Expanding on the theme, Mr Montgomery gave the example of Karl Benz driving the first horseless carriage past a blacksmith in the late 19th century.
“You never would have been able to predict which car manufacturers would have been the winners over the next 100-150 years,” Mr Montgomery said.
“In the US there have been 1,300 car manufacturers and they’ve all gone broke. And of the four that remain in the US today only one of them wasn’t bailed out during the GFC, and that was Ford.
“So picking the winner was very difficult, but you could easily pick that the blacksmith was going to be the loser.”
Andrew Macken, who runs the Montaka Global Access Fund, gave an example of a long and short position on a key US economic metric – wage growth.
“US wage growth is not only positive, it’s accelerating. Year-on-year US wage growth is slowly but surely increasing – in fact it's accelerating,” Mr Macken said.
“We also know something about minimum wages – they’re only going one way as well. Minimum wages for the states are increasing well above inflation.”
Furthermore, US presidential candidate Hillary Clinton has pledged to increase the minimum wage by as much as 70 per cent, Mr Macken said.

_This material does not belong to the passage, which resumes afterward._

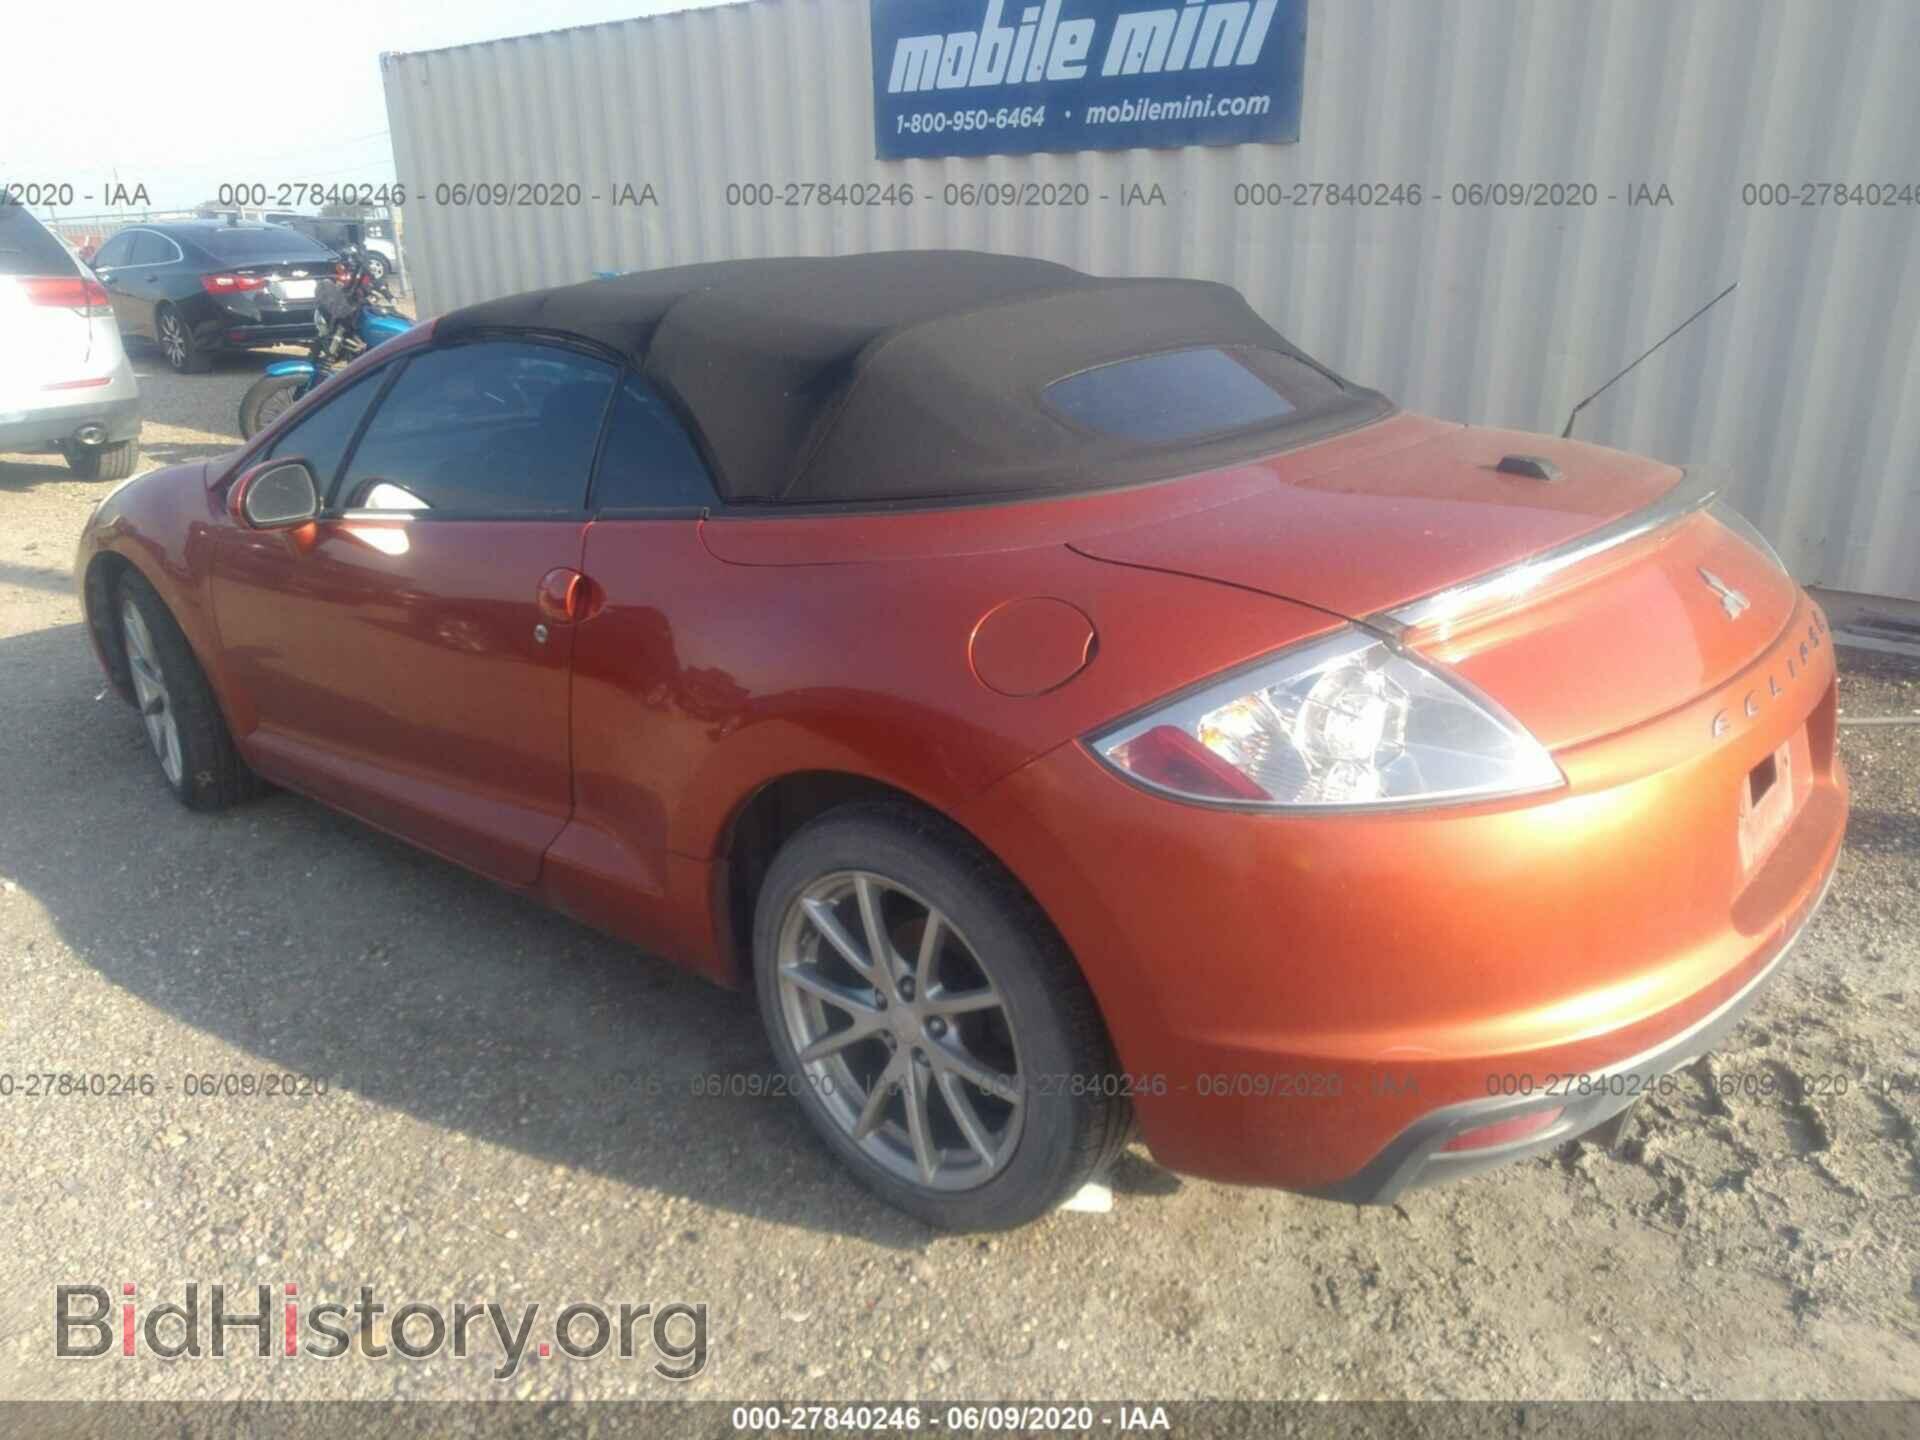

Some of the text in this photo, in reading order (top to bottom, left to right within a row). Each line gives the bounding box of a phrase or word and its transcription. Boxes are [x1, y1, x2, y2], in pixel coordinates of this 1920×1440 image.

[887, 0, 1278, 93] mobile mini
[896, 94, 1270, 134] 1-800-950-6464 mobilemini.com

On the long side of its global portfolio, the Montaka fund holds HR outsourcing company Insperity, which partners with SMEs and takes a cut from employees' salaries (and therefore stands to gain from increases to the minimum wage).
The short play on US minimum wages is Regis – a network of around 9,000 budget hairdressing salons in the US, Mr Macken said.
“These salons come with razor-thin profit margins, probably for obviously reasons, and the biggest component of the cost structure is wages,” he said.
“So it doesn’t take much in the way of wage growth to materially impair the profit margins of these hairdressing salons.
“In many cases we think that they’ll be wiped out completely.”